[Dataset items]
—————
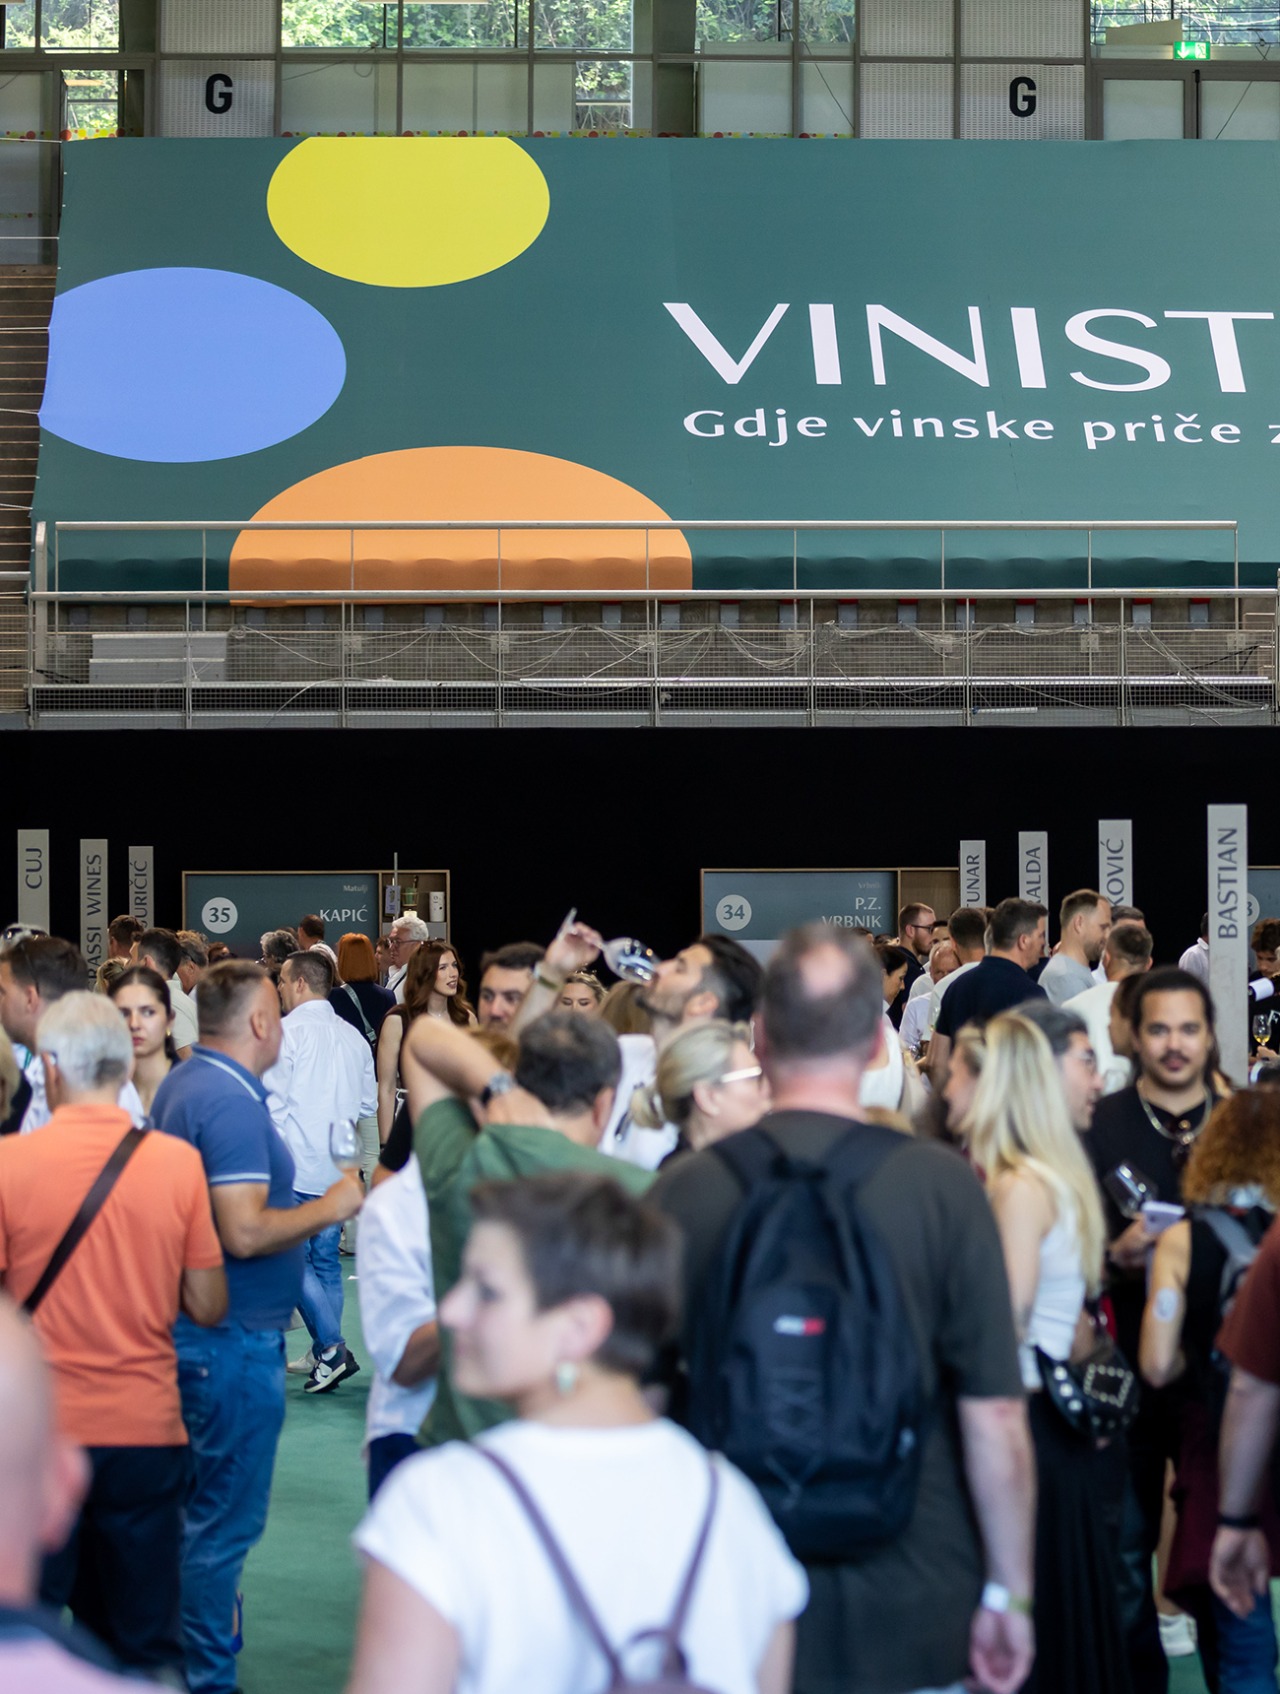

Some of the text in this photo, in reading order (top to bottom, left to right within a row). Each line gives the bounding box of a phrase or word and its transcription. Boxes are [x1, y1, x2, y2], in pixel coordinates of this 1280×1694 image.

[205, 73, 233, 114] G
[1009, 76, 1036, 117] G
[683, 408, 827, 446] Gdje
[853, 409, 1054, 439] vinske
[1083, 413, 1241, 450] priče
[25, 848, 42, 889] CUJ
[86, 854, 102, 916] WINES
[966, 854, 981, 907] UNAR
[1026, 847, 1041, 903] ALDA
[1100, 838, 1125, 906] KOVIĆ
[1217, 828, 1239, 939] BASTIAN
[209, 907, 231, 923] 35
[319, 904, 368, 922] KAPIĆ
[723, 904, 745, 920] 34
[855, 897, 882, 910] P.Z.
—————
* **Instructions for the task**
Write every record out again exactly; no pictures belong in the copy.

* **Written solution**
Some of the text in this photo, in reading order (top to bottom, left to right within a row). Each line gives the bounding box of a phrase or word and its transcription. Boxes are [x1, y1, x2, y2], in pixel coordinates of this 1280×1694 image.

[205, 73, 233, 114] G
[1009, 76, 1036, 117] G
[683, 408, 827, 446] Gdje
[853, 409, 1054, 439] vinske
[1083, 413, 1241, 450] priče
[25, 848, 42, 889] CUJ
[86, 854, 102, 916] WINES
[966, 854, 981, 907] UNAR
[1026, 847, 1041, 903] ALDA
[1100, 838, 1125, 906] KOVIĆ
[1217, 828, 1239, 939] BASTIAN
[209, 907, 231, 923] 35
[319, 904, 368, 922] KAPIĆ
[723, 904, 745, 920] 34
[855, 897, 882, 910] P.Z.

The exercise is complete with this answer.